Herdeiro consegue liberação de valor para quitar dívida do espólio

O herdeiro não podia usar os valores porque há recurso pendente em processo de reconhecimento de paternidade socioafetiva entre o falecido e a enteada dele

A juíza Monique Abreu David, em exercício no RJ, deferiu o levantamento de R$ 23 mil para que um herdeiro possa adimplir dívidas do espólio, mesmo estando pendente recurso sobre relação de paternidade socioafetiva entre o falecido e sua enteada.

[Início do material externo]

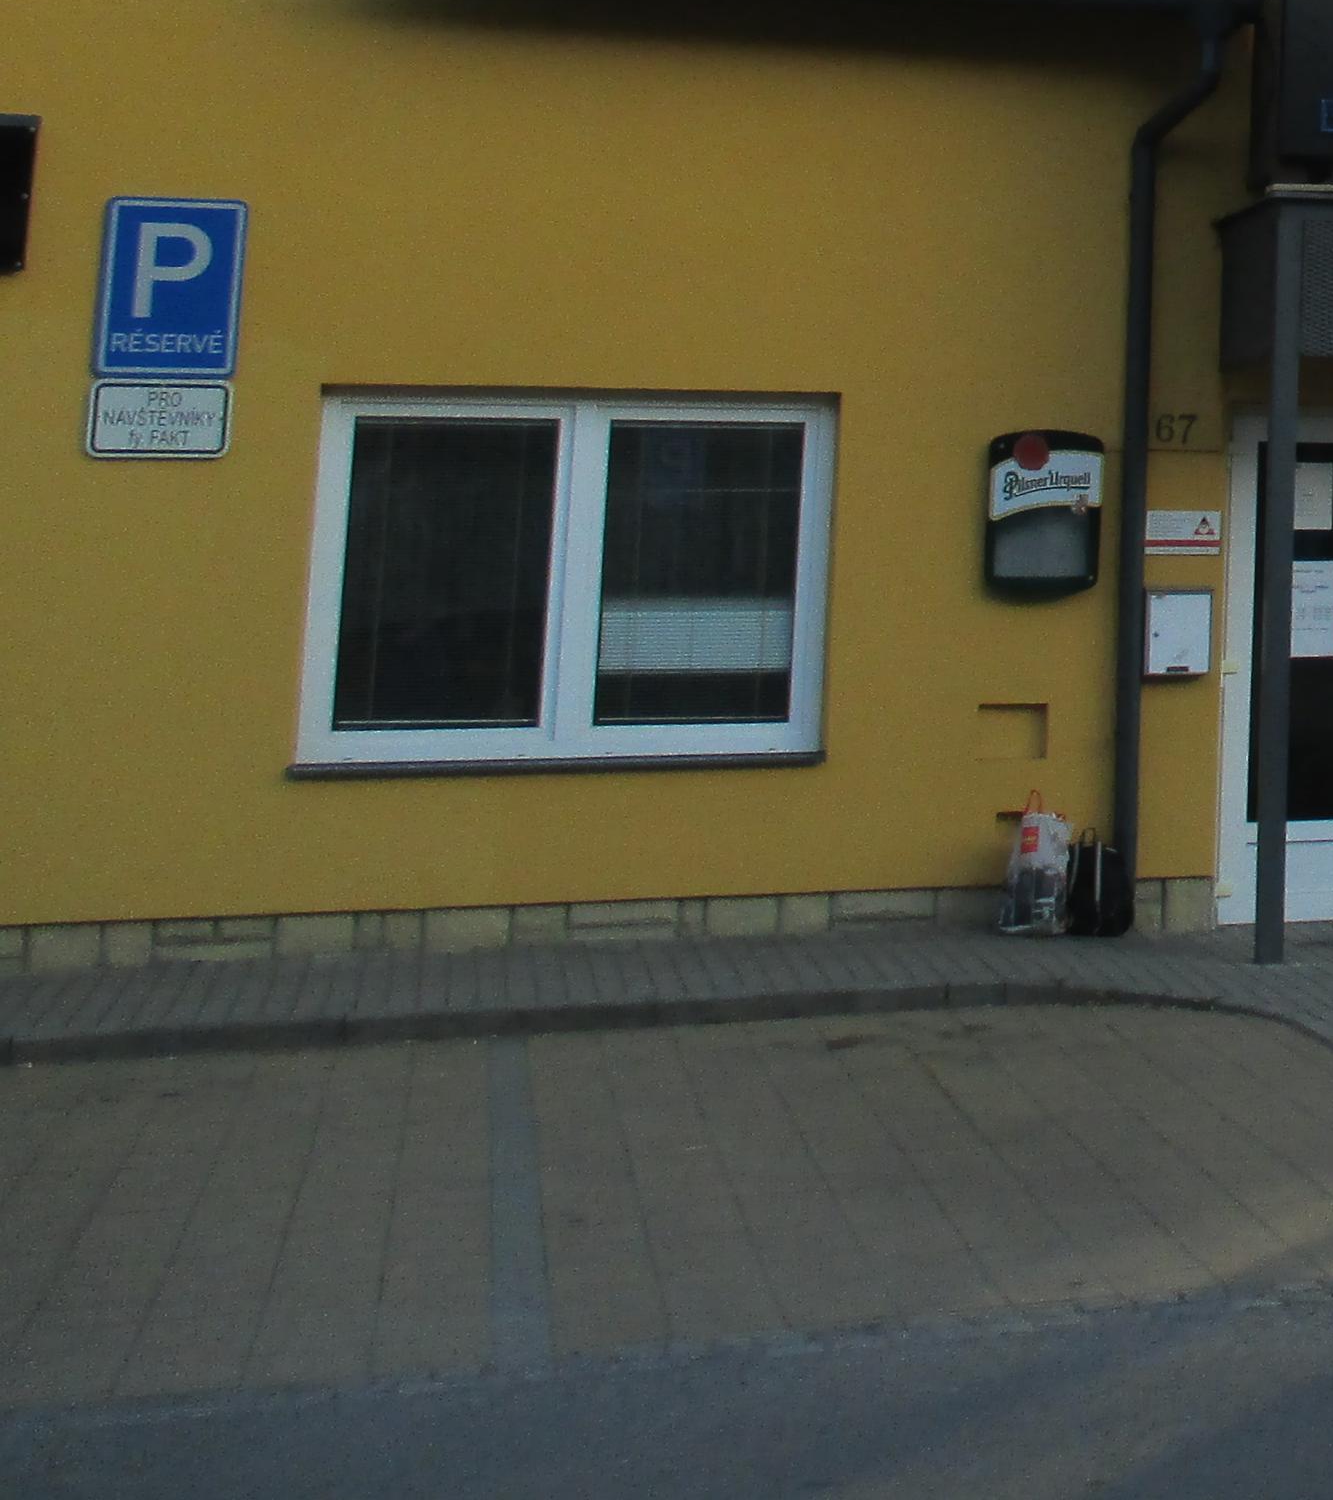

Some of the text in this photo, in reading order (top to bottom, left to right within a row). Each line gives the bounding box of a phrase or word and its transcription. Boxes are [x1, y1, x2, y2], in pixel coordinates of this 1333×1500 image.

[132, 222, 213, 318] P
[110, 328, 223, 353] RÉSERVÉ
[147, 391, 182, 407] PRO
[1156, 414, 1197, 444] 67
[1003, 470, 1091, 501] Pilsner Urquell

O caso trata de ação de inventário e partilha do espólio de um homem, no qual o filho do falecido foi nomeado inventariante. Entretanto, a enteada do falecido pleiteia sua integração no polo ativo da demanda de inventário aduzindo que houve entre ela e ele uma relação de paternidade socioafetiva.

O pedido da enteada foi julgado improcedente em 1ª instância e agora encontra-se em grau de recurso. Em razão da pendência de julgamento deste ponto, foi determinado o sobrestamento do feito de inventário até a resolução do processo de reconhecimento de paternidade socioafetiva.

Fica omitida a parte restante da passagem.